YOUR ASSIGNMENT ▸ From the first line to the last, print the records exactly, leaving out the pictures.

___ SOURCE MATERIAL

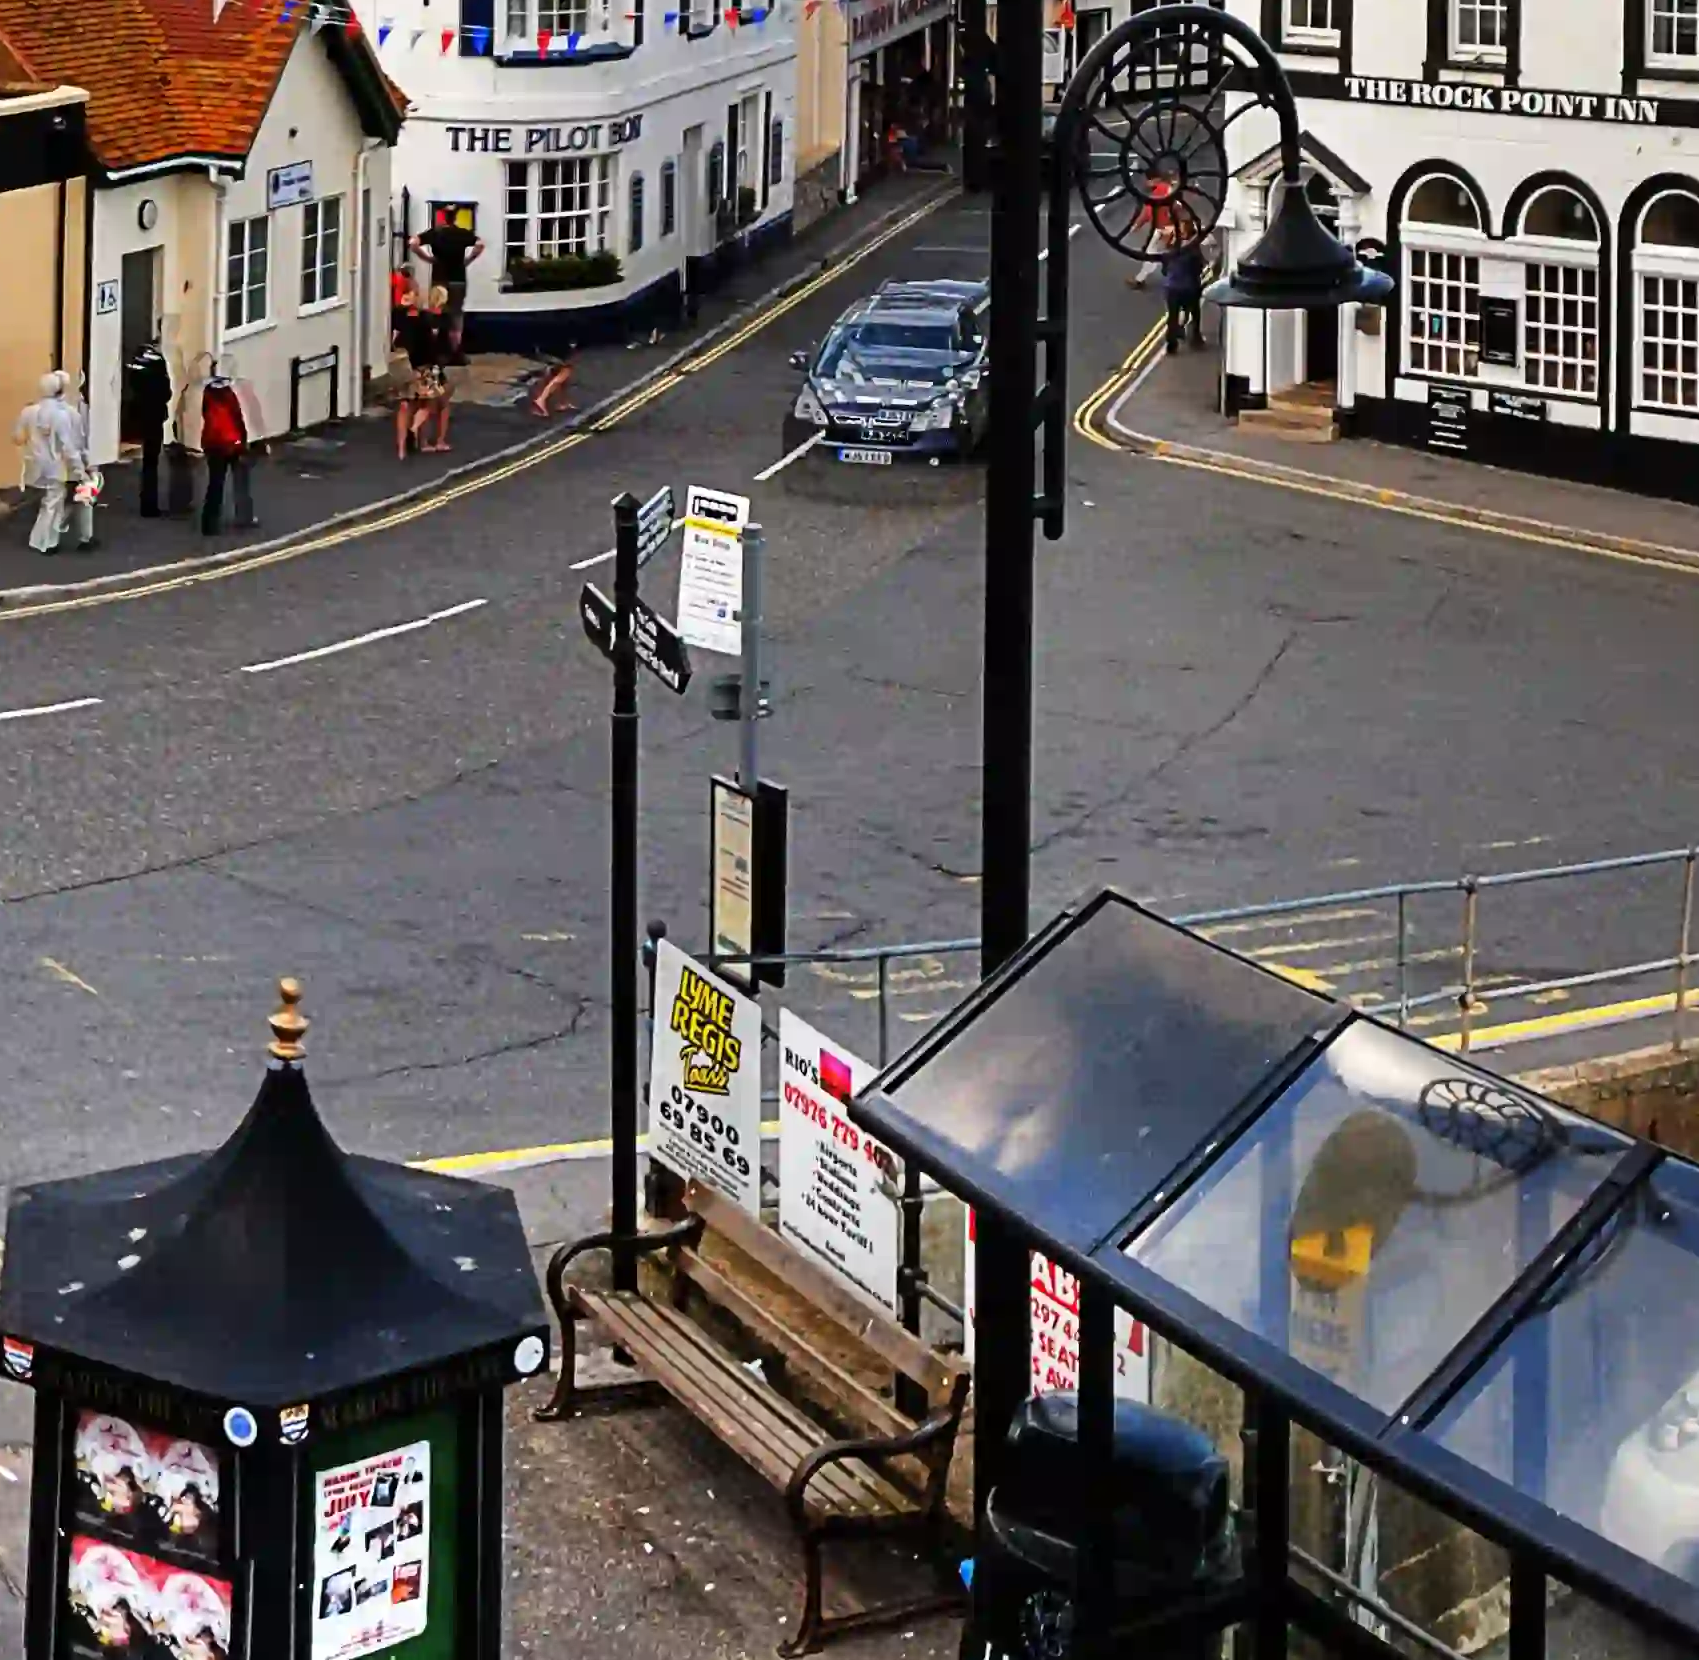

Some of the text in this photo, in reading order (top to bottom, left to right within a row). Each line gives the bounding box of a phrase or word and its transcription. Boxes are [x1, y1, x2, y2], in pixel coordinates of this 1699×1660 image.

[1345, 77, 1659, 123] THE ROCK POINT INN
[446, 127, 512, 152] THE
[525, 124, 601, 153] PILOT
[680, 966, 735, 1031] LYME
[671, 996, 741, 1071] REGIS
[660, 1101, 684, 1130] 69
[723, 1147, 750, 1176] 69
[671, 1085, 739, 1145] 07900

______

SOLUTION TO THE EXERCISE ▸
Some of the text in this photo, in reading order (top to bottom, left to right within a row). Each line gives the bounding box of a phrase or word and its transcription. Boxes are [x1, y1, x2, y2], in pixel coordinates of this 1699×1660 image.

[1345, 77, 1659, 123] THE ROCK POINT INN
[446, 127, 512, 152] THE
[525, 124, 601, 153] PILOT
[680, 966, 735, 1031] LYME
[671, 996, 741, 1071] REGIS
[660, 1101, 684, 1130] 69
[723, 1147, 750, 1176] 69
[671, 1085, 739, 1145] 07900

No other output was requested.